------ INFORMATION GIVEN

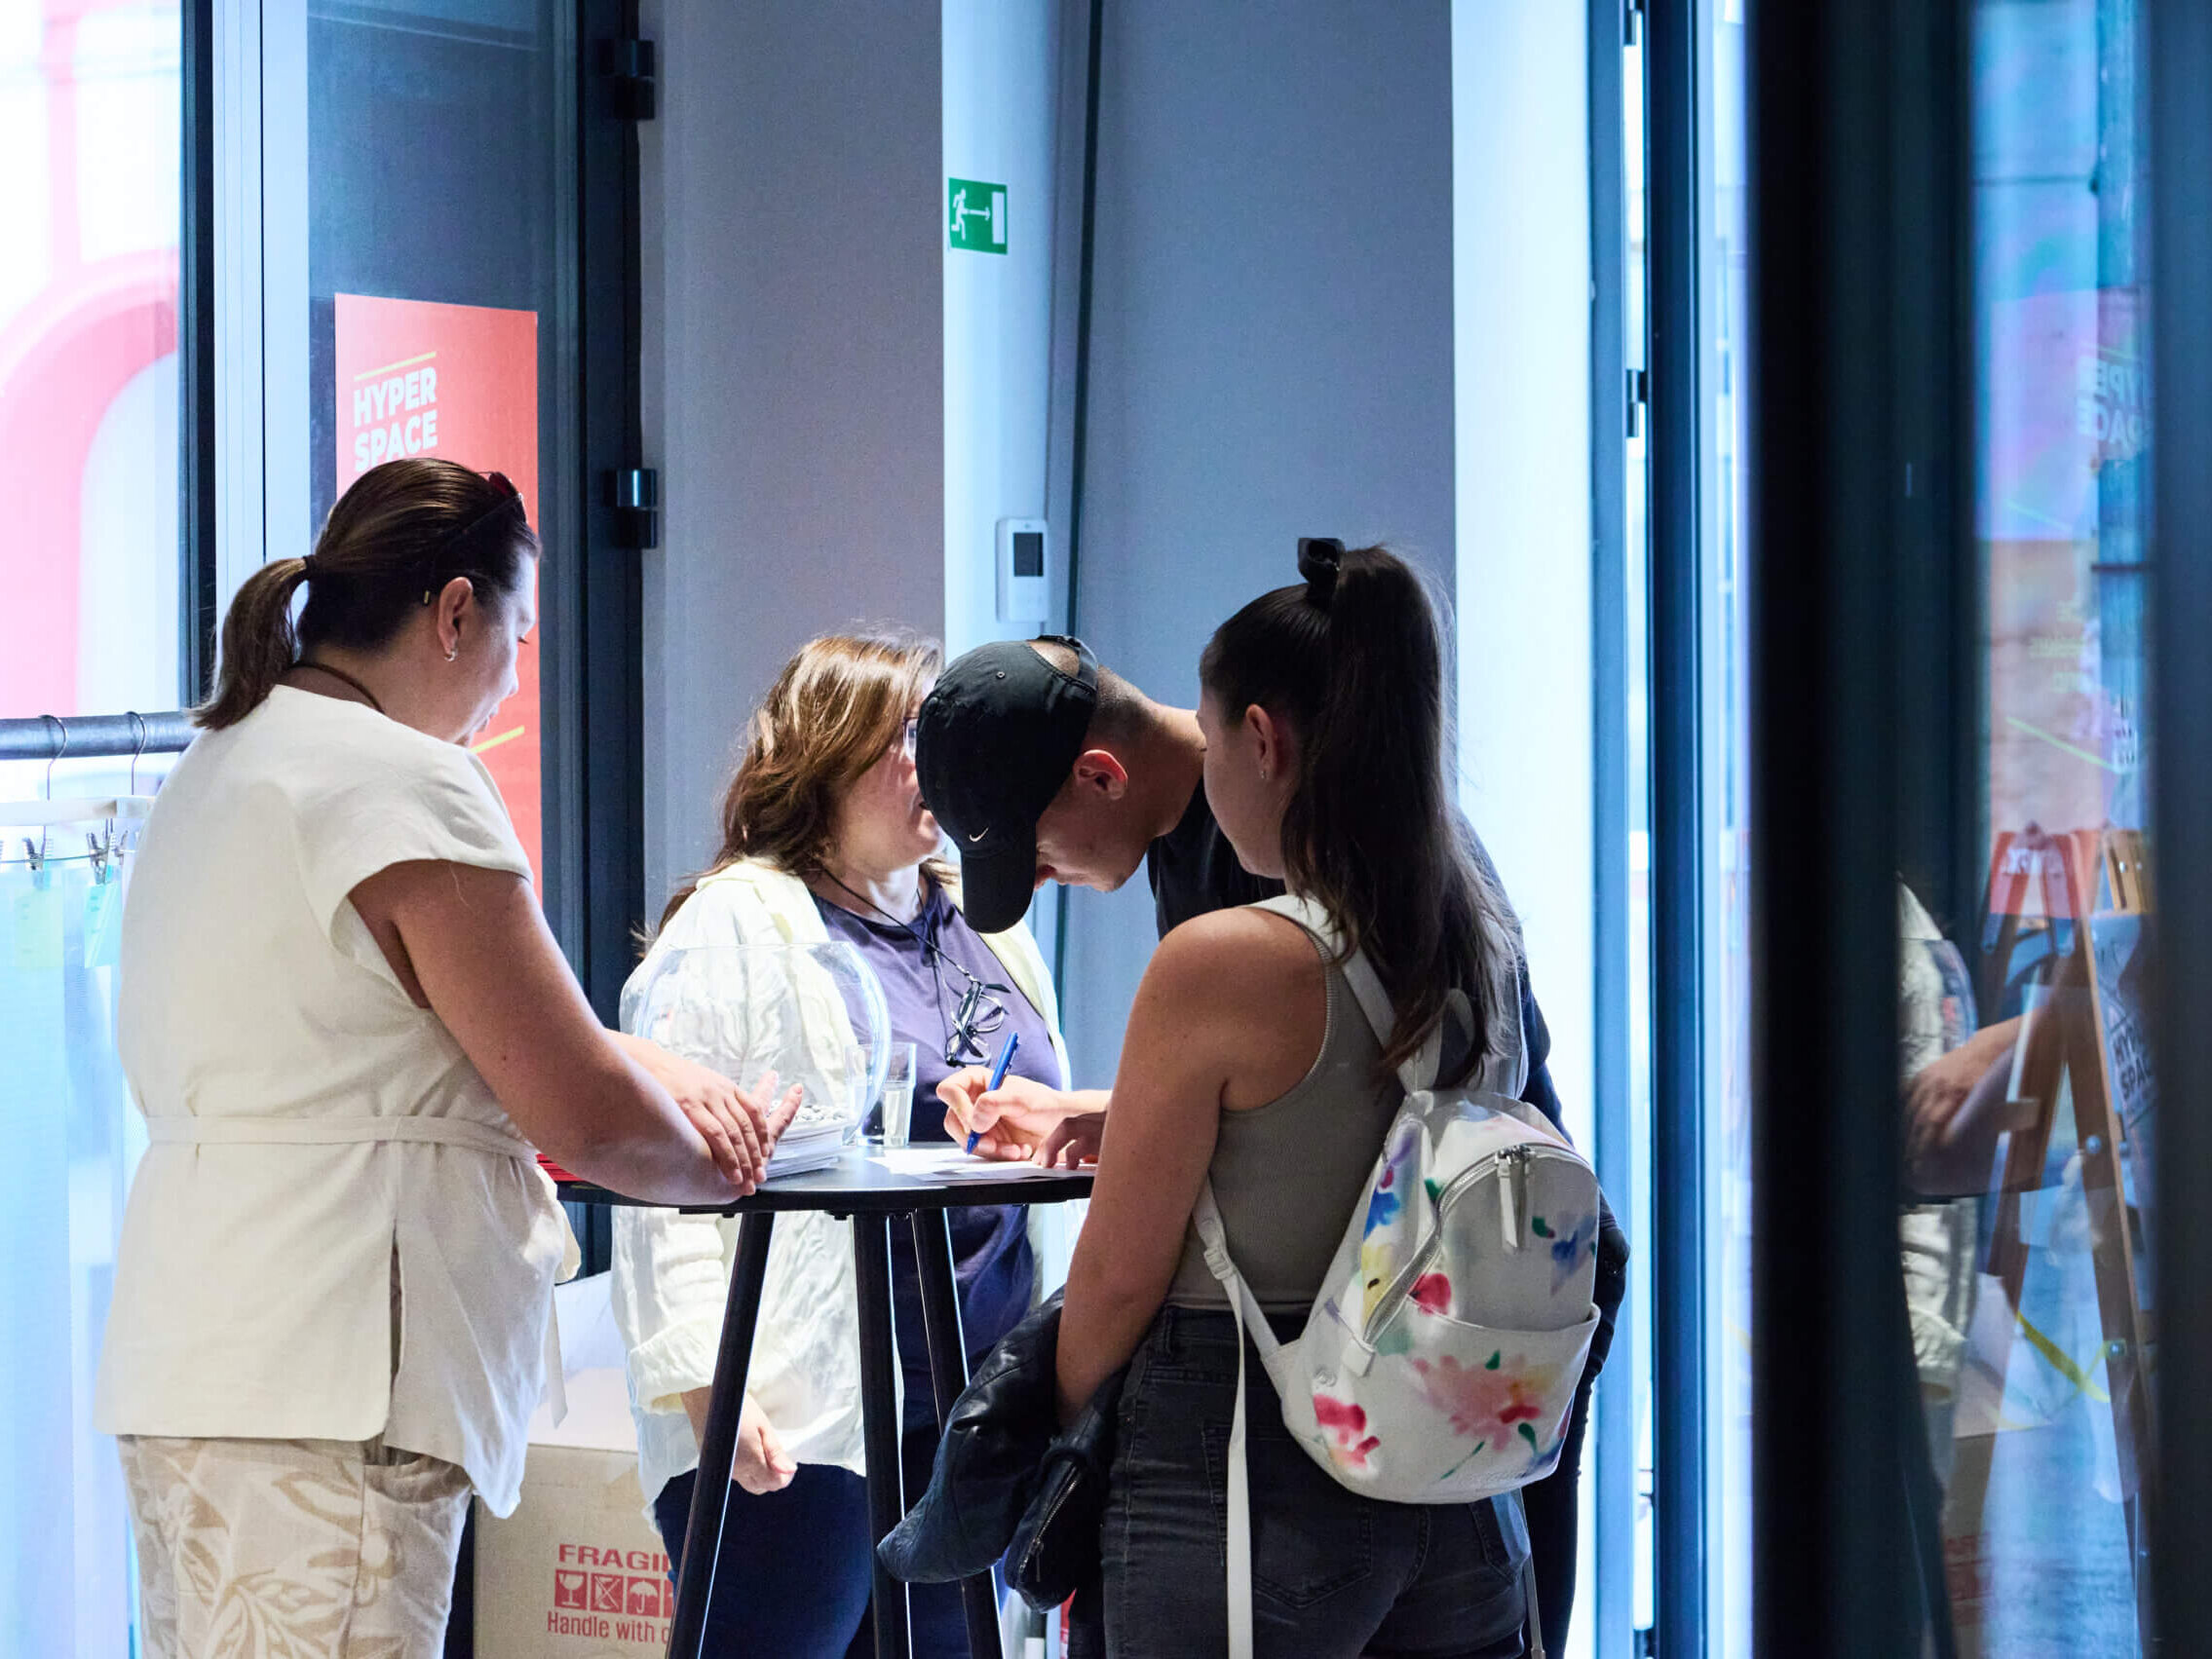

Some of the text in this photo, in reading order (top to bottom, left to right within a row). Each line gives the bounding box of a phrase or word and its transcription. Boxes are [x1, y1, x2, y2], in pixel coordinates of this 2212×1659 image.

[354, 366, 438, 429] HYPER
[355, 410, 439, 472] SPACE
[548, 1610, 610, 1640] Handle
[616, 1619, 655, 1643] with

------------

• [AIM OF THE EXERCISE]: Once the pictures are set aside, repeat the data above exactly as written.

• [PROBLEM SOLUTION]:
Some of the text in this photo, in reading order (top to bottom, left to right within a row). Each line gives the bounding box of a phrase or word and its transcription. Boxes are [x1, y1, x2, y2], in pixel coordinates of this 2212×1659 image.

[354, 366, 438, 429] HYPER
[355, 410, 439, 472] SPACE
[548, 1610, 610, 1640] Handle
[616, 1619, 655, 1643] with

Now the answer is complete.